Records drawn from a dataset:

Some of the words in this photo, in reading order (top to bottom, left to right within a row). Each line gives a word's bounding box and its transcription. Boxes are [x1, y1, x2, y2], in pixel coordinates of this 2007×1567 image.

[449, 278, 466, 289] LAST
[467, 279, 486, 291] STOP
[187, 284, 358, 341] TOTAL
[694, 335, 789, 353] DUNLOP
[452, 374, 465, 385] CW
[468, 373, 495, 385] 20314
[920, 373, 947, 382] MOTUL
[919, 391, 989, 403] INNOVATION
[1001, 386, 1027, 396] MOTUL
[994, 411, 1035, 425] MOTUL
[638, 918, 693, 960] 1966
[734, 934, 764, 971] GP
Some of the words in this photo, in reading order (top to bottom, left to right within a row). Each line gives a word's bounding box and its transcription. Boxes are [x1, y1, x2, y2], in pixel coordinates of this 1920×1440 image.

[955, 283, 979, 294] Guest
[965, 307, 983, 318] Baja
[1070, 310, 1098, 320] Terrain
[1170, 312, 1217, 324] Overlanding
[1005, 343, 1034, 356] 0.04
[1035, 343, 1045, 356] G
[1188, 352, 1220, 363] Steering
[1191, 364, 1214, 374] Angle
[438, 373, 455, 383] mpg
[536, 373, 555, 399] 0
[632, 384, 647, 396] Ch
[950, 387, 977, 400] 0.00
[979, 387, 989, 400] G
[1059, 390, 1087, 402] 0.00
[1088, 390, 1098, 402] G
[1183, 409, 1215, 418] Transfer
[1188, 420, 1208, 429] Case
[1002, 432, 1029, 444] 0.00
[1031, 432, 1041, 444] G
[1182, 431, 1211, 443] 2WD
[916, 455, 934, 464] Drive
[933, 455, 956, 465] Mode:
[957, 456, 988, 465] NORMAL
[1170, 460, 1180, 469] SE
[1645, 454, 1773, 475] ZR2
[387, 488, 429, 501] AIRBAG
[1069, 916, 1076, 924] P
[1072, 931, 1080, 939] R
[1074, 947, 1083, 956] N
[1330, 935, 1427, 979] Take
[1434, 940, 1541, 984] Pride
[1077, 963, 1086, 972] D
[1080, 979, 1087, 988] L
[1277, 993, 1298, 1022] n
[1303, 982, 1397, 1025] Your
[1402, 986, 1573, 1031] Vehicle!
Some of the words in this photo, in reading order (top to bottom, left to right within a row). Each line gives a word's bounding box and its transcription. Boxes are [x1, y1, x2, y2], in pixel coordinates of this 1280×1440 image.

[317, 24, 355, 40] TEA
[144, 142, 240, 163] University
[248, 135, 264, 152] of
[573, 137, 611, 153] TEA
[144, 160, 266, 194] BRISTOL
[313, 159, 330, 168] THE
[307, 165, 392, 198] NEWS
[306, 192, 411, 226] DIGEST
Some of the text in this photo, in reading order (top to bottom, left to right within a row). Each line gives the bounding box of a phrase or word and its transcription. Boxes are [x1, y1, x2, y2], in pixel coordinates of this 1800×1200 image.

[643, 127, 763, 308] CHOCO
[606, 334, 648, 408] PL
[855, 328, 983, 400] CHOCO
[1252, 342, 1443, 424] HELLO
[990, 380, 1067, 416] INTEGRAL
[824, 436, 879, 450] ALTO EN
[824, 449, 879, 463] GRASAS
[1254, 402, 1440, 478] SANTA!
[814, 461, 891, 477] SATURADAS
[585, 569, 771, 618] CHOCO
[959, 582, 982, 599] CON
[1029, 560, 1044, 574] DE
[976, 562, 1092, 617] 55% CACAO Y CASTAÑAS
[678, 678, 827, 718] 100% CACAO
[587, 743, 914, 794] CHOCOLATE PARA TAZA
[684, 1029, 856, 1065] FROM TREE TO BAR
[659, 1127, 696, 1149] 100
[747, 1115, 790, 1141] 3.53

* [ACTIVITY]: Nothing in the records may be left out; copy them all exactly.

* [TASK ANSWER]:
Some of the words in this photo, in reading order (top to bottom, left to right within a row). Each line gives a word's bounding box and its transcription. Boxes are [x1, y1, x2, y2], in pixel coordinates of this 2007×1567 image.

[449, 278, 466, 289] LAST
[467, 279, 486, 291] STOP
[187, 284, 358, 341] TOTAL
[694, 335, 789, 353] DUNLOP
[452, 374, 465, 385] CW
[468, 373, 495, 385] 20314
[920, 373, 947, 382] MOTUL
[919, 391, 989, 403] INNOVATION
[1001, 386, 1027, 396] MOTUL
[994, 411, 1035, 425] MOTUL
[638, 918, 693, 960] 1966
[734, 934, 764, 971] GP
Some of the words in this photo, in reading order (top to bottom, left to right within a row). Each line gives a word's bounding box and its transcription. Boxes are [x1, y1, x2, y2], in pixel coordinates of this 1920×1440 image.

[955, 283, 979, 294] Guest
[965, 307, 983, 318] Baja
[1070, 310, 1098, 320] Terrain
[1170, 312, 1217, 324] Overlanding
[1005, 343, 1034, 356] 0.04
[1035, 343, 1045, 356] G
[1188, 352, 1220, 363] Steering
[1191, 364, 1214, 374] Angle
[438, 373, 455, 383] mpg
[536, 373, 555, 399] 0
[632, 384, 647, 396] Ch
[950, 387, 977, 400] 0.00
[979, 387, 989, 400] G
[1059, 390, 1087, 402] 0.00
[1088, 390, 1098, 402] G
[1183, 409, 1215, 418] Transfer
[1188, 420, 1208, 429] Case
[1002, 432, 1029, 444] 0.00
[1031, 432, 1041, 444] G
[1182, 431, 1211, 443] 2WD
[916, 455, 934, 464] Drive
[933, 455, 956, 465] Mode:
[957, 456, 988, 465] NORMAL
[1170, 460, 1180, 469] SE
[1645, 454, 1773, 475] ZR2
[387, 488, 429, 501] AIRBAG
[1069, 916, 1076, 924] P
[1072, 931, 1080, 939] R
[1074, 947, 1083, 956] N
[1330, 935, 1427, 979] Take
[1434, 940, 1541, 984] Pride
[1077, 963, 1086, 972] D
[1080, 979, 1087, 988] L
[1277, 993, 1298, 1022] n
[1303, 982, 1397, 1025] Your
[1402, 986, 1573, 1031] Vehicle!
Some of the words in this photo, in reading order (top to bottom, left to right within a row). Each line gives a word's bounding box and its transcription. Boxes are [x1, y1, x2, y2], in pixel coordinates of this 1280×1440 image.

[317, 24, 355, 40] TEA
[144, 142, 240, 163] University
[248, 135, 264, 152] of
[573, 137, 611, 153] TEA
[144, 160, 266, 194] BRISTOL
[313, 159, 330, 168] THE
[307, 165, 392, 198] NEWS
[306, 192, 411, 226] DIGEST
Some of the text in this photo, in reading order (top to bottom, left to right within a row). Each line gives the bounding box of a phrase or word and its transcription. Boxes are [x1, y1, x2, y2], in pixel coordinates of this 1800×1200 image.

[643, 127, 763, 308] CHOCO
[606, 334, 648, 408] PL
[855, 328, 983, 400] CHOCO
[1252, 342, 1443, 424] HELLO
[990, 380, 1067, 416] INTEGRAL
[824, 436, 879, 450] ALTO EN
[824, 449, 879, 463] GRASAS
[1254, 402, 1440, 478] SANTA!
[814, 461, 891, 477] SATURADAS
[585, 569, 771, 618] CHOCO
[959, 582, 982, 599] CON
[1029, 560, 1044, 574] DE
[976, 562, 1092, 617] 55% CACAO Y CASTAÑAS
[678, 678, 827, 718] 100% CACAO
[587, 743, 914, 794] CHOCOLATE PARA TAZA
[684, 1029, 856, 1065] FROM TREE TO BAR
[659, 1127, 696, 1149] 100
[747, 1115, 790, 1141] 3.53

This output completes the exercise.